- _Raw data_
-.-.-

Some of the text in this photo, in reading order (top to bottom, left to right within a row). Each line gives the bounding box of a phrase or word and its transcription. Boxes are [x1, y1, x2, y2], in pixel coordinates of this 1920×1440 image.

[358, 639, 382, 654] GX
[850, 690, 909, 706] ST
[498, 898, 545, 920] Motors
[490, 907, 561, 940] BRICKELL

-.-.-

Retype every record above exactly as it stands.

Some of the text in this photo, in reading order (top to bottom, left to right within a row). Each line gives the bounding box of a phrase or word and its transcription. Boxes are [x1, y1, x2, y2], in pixel coordinates of this 1920×1440 image.

[358, 639, 382, 654] GX
[850, 690, 909, 706] ST
[498, 898, 545, 920] Motors
[490, 907, 561, 940] BRICKELL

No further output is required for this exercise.